Developed under Project Pave Claw, the GPU-5/A was designed to adapt the power of the A-10 Thunderbolt II and its GAU-8/A gun to smaller aircraft. The resulting weapon used a smaller version of the GAU-8/A, designated the GAU-13/A, with only four barrels. Podded, the system weights 1900 lb loaded with 353 rounds of 30 mm ammunition in two helical layers surrounding the gun (for reduction of overall size). The pod is completely self-contained with a rate of fire of 3,000 rpm.

=== Mk 4 Mod 0 ===

Mark 4 Gunpod Operating Principles (1965) De-classified US Navy promotional film reel.

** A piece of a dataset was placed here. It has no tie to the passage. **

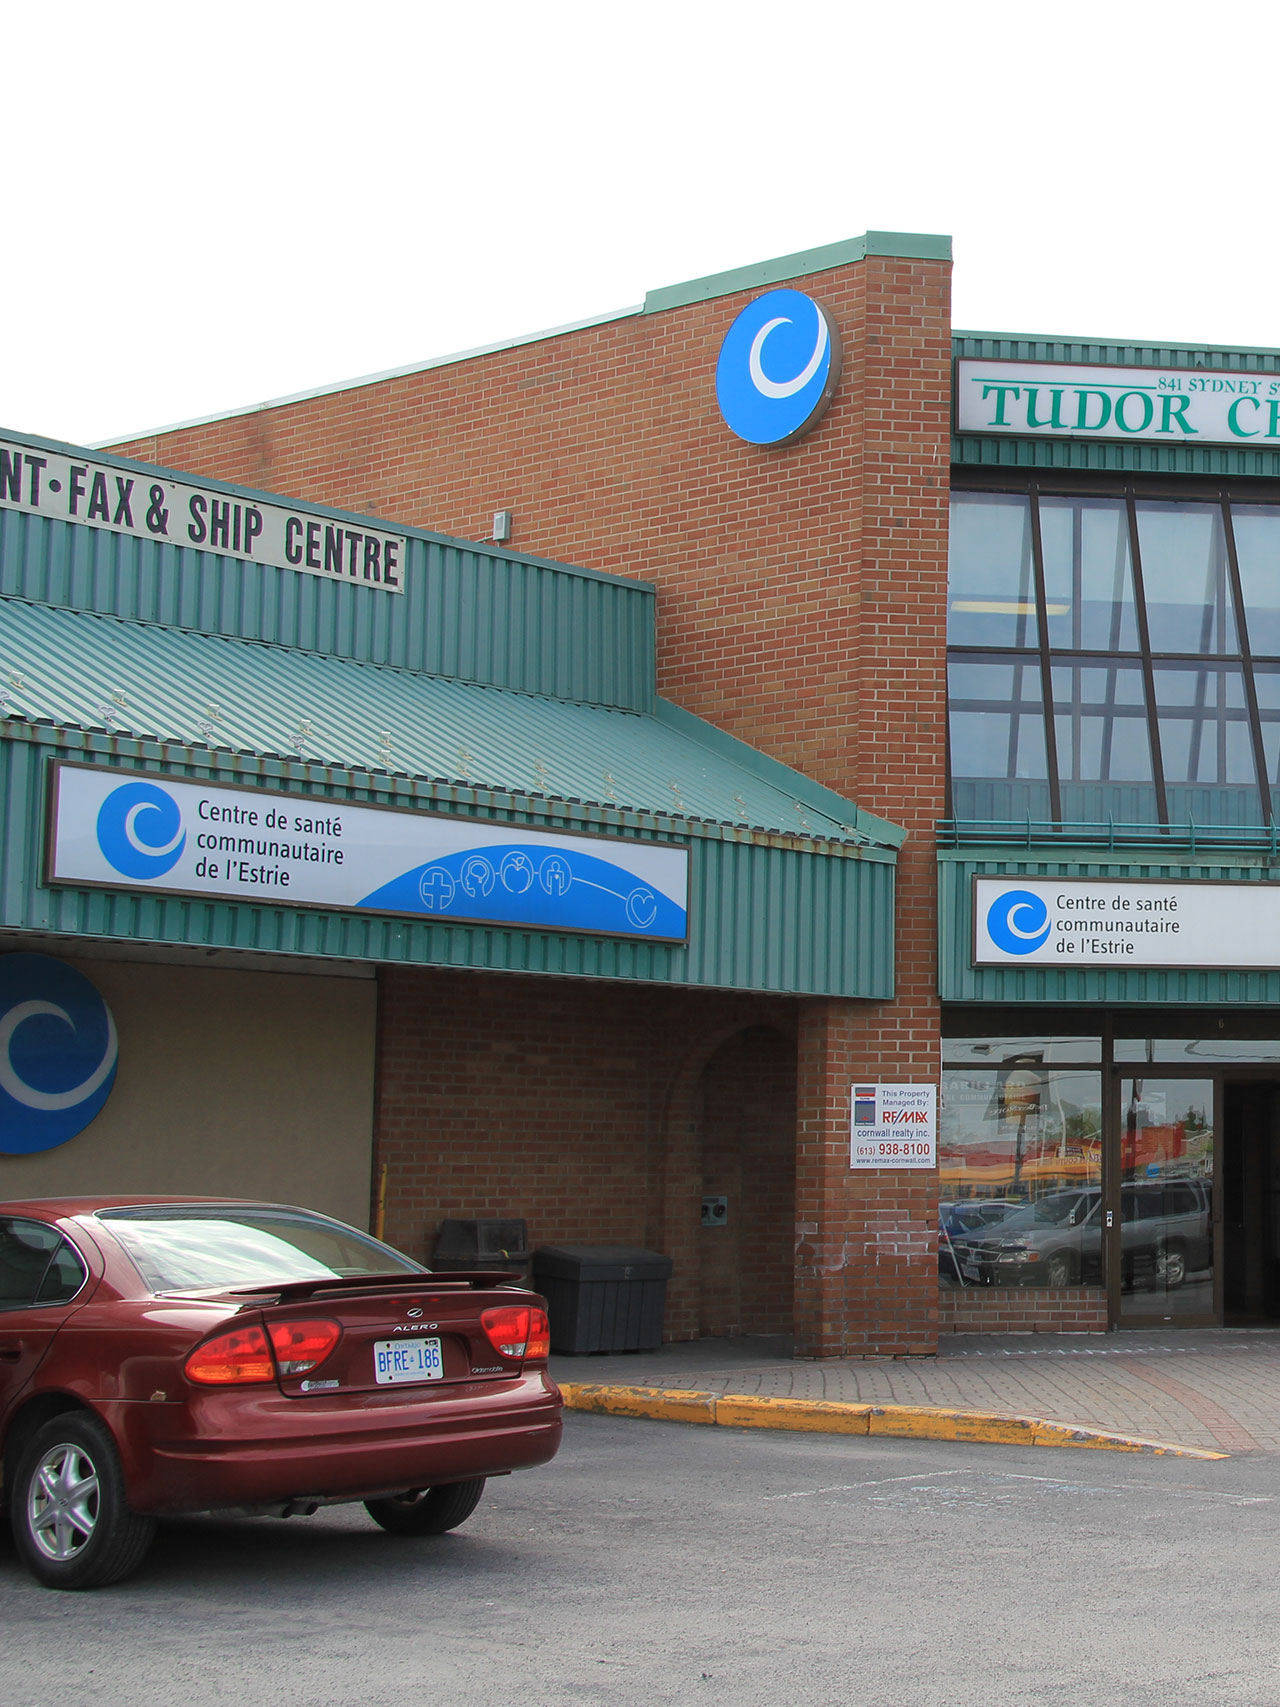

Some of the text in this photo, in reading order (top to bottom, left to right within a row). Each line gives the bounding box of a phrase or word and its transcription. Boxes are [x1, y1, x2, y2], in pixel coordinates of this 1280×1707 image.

Developed by the US Navy, this pod is fitted with the Mk 11 Mod 5 20 mm cannon, along with 750 rounds of ammunition. This pod is said to have been used on a variety of US Navy and Marine Corps aircraft including the A-4 Skyhawk, F-4 Phantom II, A-7 Corsair II, and OV-10 Bronco. Approximately 1200 Mk 4 Gun Pods were manufactured by Hughes Tool Company (later Hughes Helicopters) in Culver City, California. While the system was tested and certified for use on the A-4, the A-6, the A-7, the F-4, and the OV-10, it only saw extended use on the A-4, the F-4, and the OV-10. In the case of the OV-10, the unit was used by VAL-4, a Navy squadron assigned to Bình Thủy District, Vietnam, and was used extensively for close air support missions.